Writing personally

Memoir should show many sides of subject

On my first date with a woman back in 1990, she handed me a terrific books of essays titled “Against Joie de Vivre,” written by Phillip Lopate.

Eventually, she and I married, but later divorced.

Visiting her this year, I found the book sandwiched between her washer and dryer. It had curvature of the spine and was cankered with mildew. I write personal essays for pleasure, and I share Lopate’s droll doubts about the cultural obsession with living large. So I took the discovery of his book as a sign and attended his workshop on memoir and essay writing this summer in New York.

It’s not just the Chers and Bill Clintons writing memoirs these days. A Web site called “Creating a Personal Memoir of Your Coast Guard Service” provides evidence that increasing numbers of folks are trying to tell their stories.

Maybe you, too, are writing a memoir for your kids or grandkids a superb gift, I think. A barebones account of your life may be plenty. But most readers of memoir, Lopate said, want to look at the “deep grooves of character.”

A memoirist who wants a larger audience, he said, has to shine a light into his own shadows and “interrogate the cracks in his own sureness.”

“If you’re writing personally,” he said, “you have to view your life as problematic. If it’s not problematic, it won’t have drama.”

I like that. I’ve been fool enough in my time to crawl through a few barbed wire fences whose strands were very close together. For me, problematic is well no problem.

There were 18 of us at Lopate’s seminar.
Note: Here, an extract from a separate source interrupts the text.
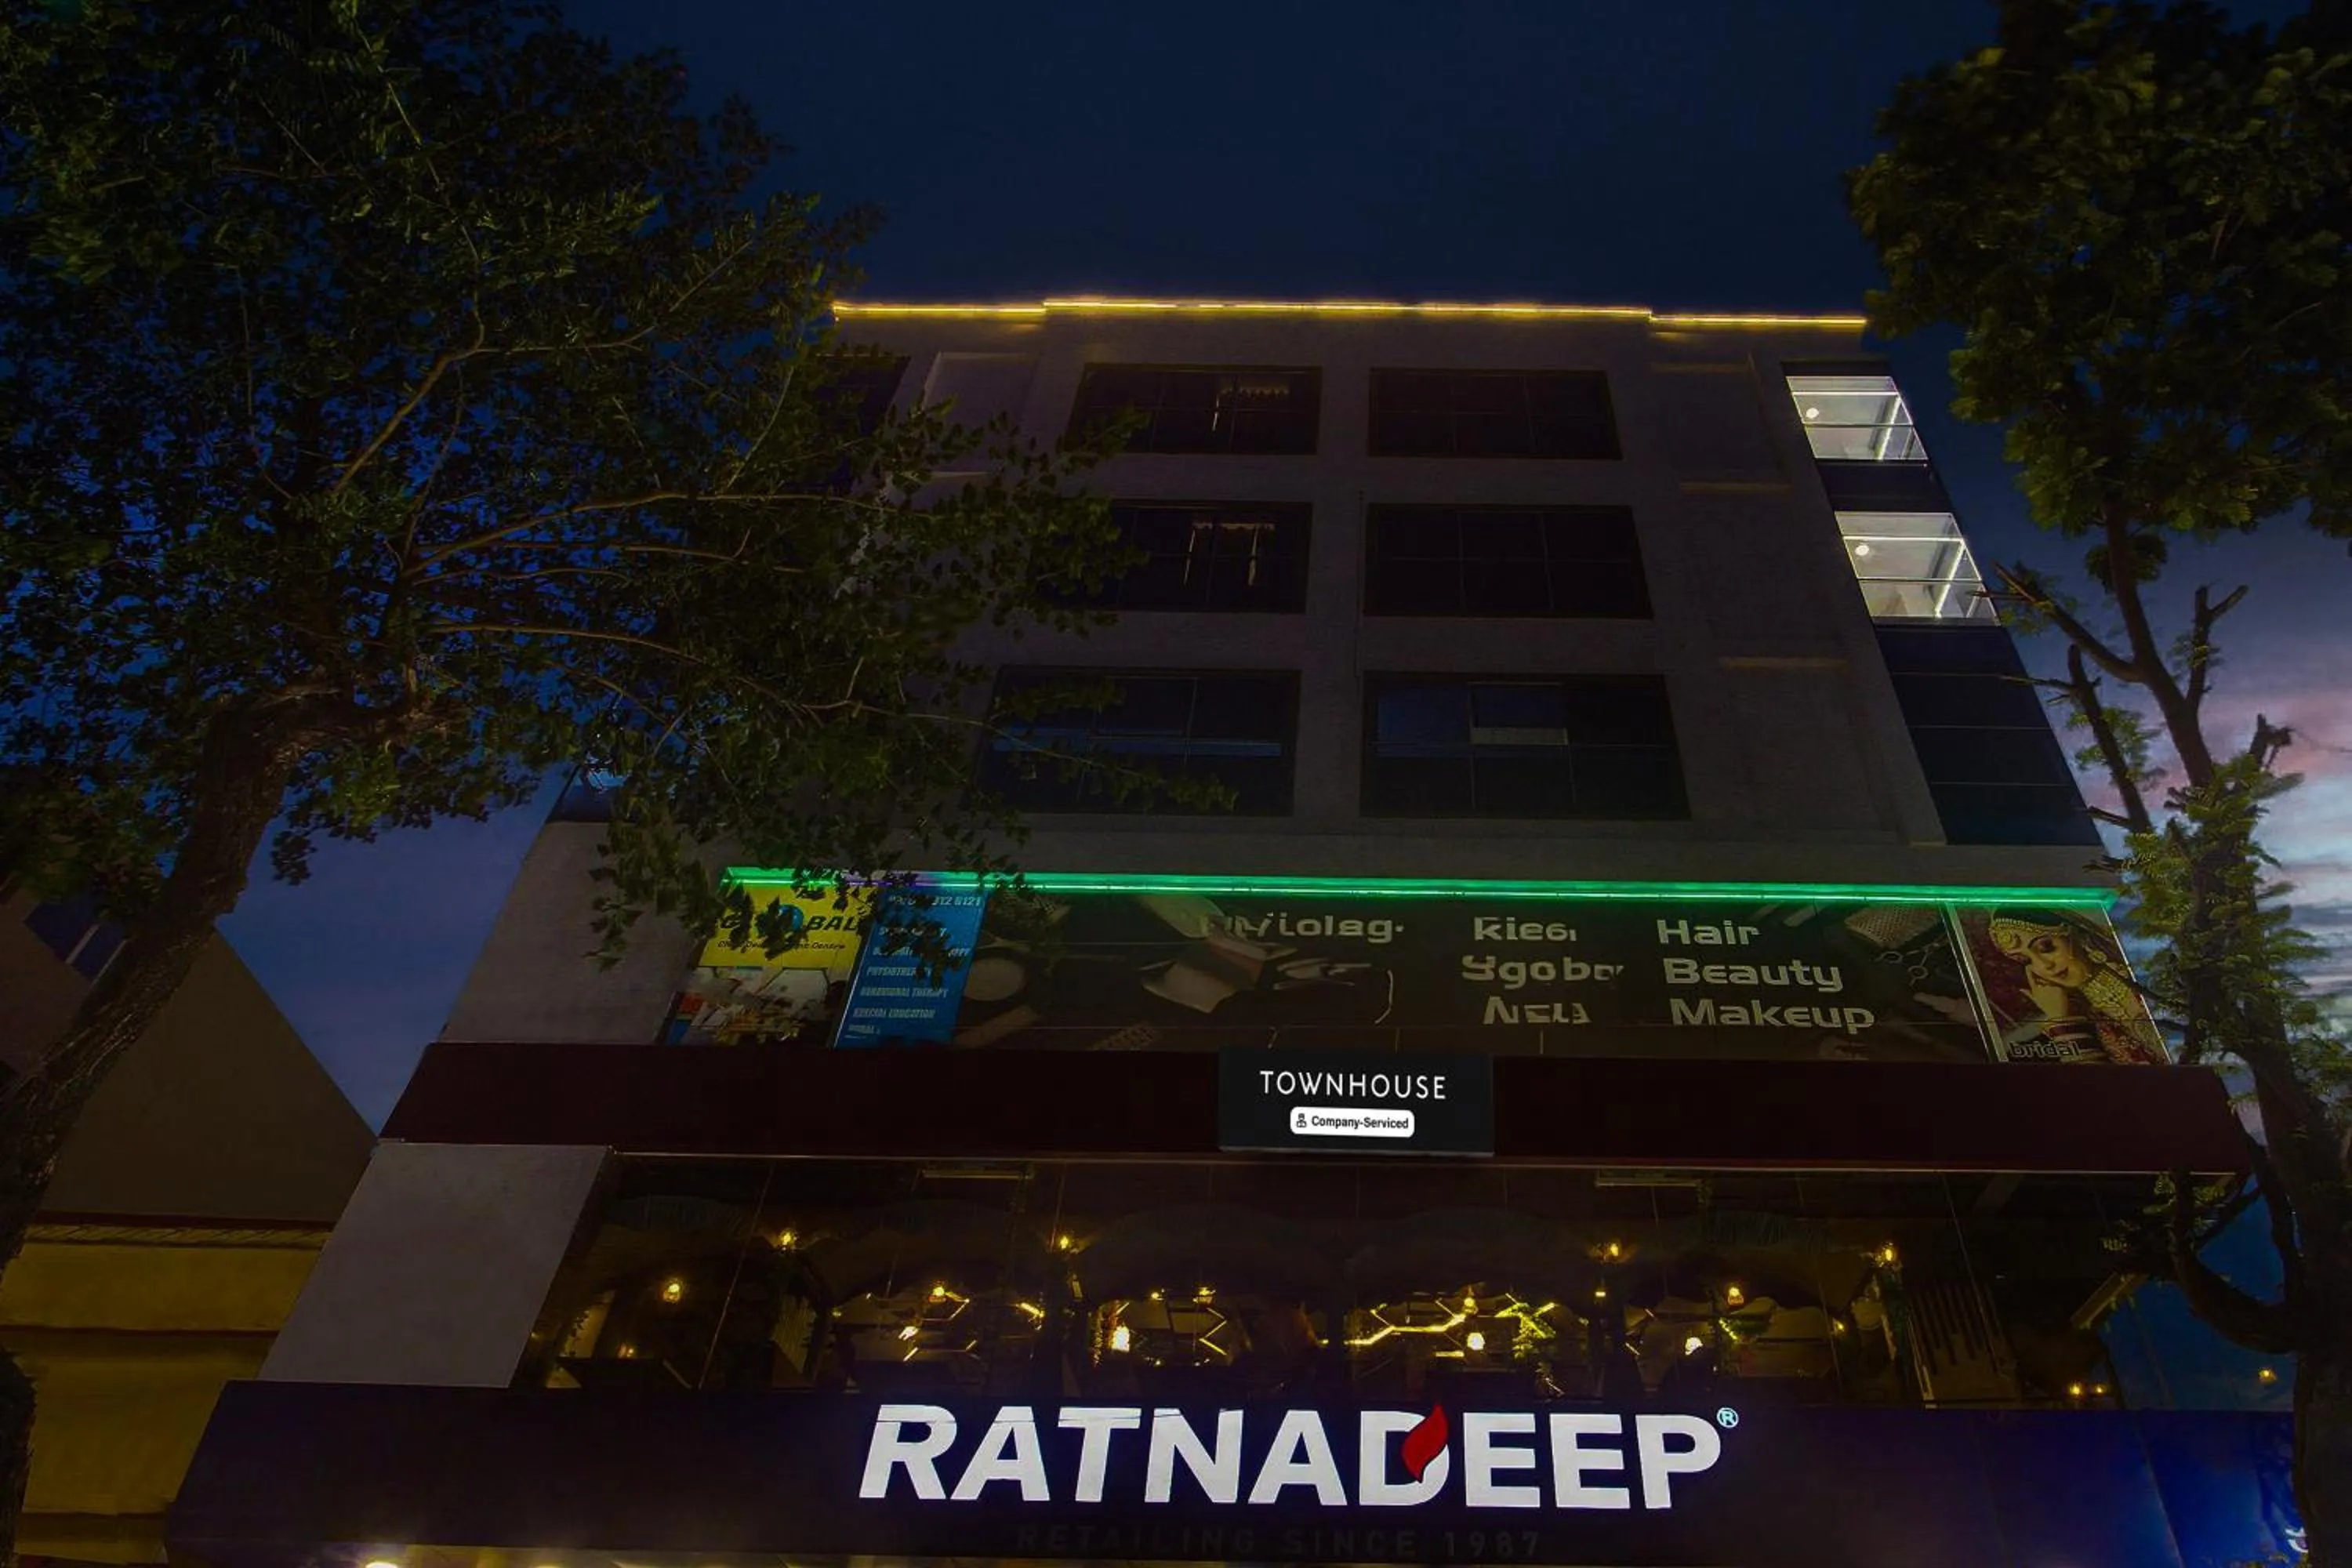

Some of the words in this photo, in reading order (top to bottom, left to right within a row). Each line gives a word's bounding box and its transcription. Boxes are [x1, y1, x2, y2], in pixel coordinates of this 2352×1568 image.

Our motives for writing were many.

One writer commemorated her lovable, mildly retarded aunt, whose stuffed tiger got a $400 repair at a doll hospital. Another shared the ripping grief of a husband’s accidental death while scuba diving.

For the last five years, I’d been writing a book about going back to spiritual ground after a long time away from religion. I submitted one piece to the class about a time not long ago when I acted badly. It was about two women and my divided heart, about hurt, betrayal, divorce and looking for a spiritual solution to pain.

I twisted together several strands of myself in the piece the part that lost its moral bearings; the part that dissects what’s painful with the scalpel of intellect; the part that longs for the divine.

One classmate thought all of this more than problematic “monstrous” was the word she used.

Lopate said, “I don’t have any difficulty accepting Roger as a character. My standard of perfection is lower.”

Then he quipped, “But maybe Roger should call his book ‘Frankenstein Searches for God’.”

We all cracked up. Frankenstein the heady doctor and Frankenstein the rampaging manchild I’ve got both in me. But the word “monstrous” pained me. I asked Lopate, “How can a memoirist who acts badly make his shortcomings palatable?”

He said, “Help us see the monster in you more clearly.”

He advised I scrutinize what about me had repulsed one of the women in the triangle: “Be as honest as you can about yourself and as detailed as you can about the situations you’re describing.”

A memoirist who’s flawed and wants to overcome reader mistrust about his reliability, has to show he sees things from many points of view.

“Think against yourself,” Lopate said.

If you’re considering writing a memoir, you may want to heed that advice. If your kids or grandkids are the audience for your memories, you will be tempted to hide your indiscretions, doubts and dark passages.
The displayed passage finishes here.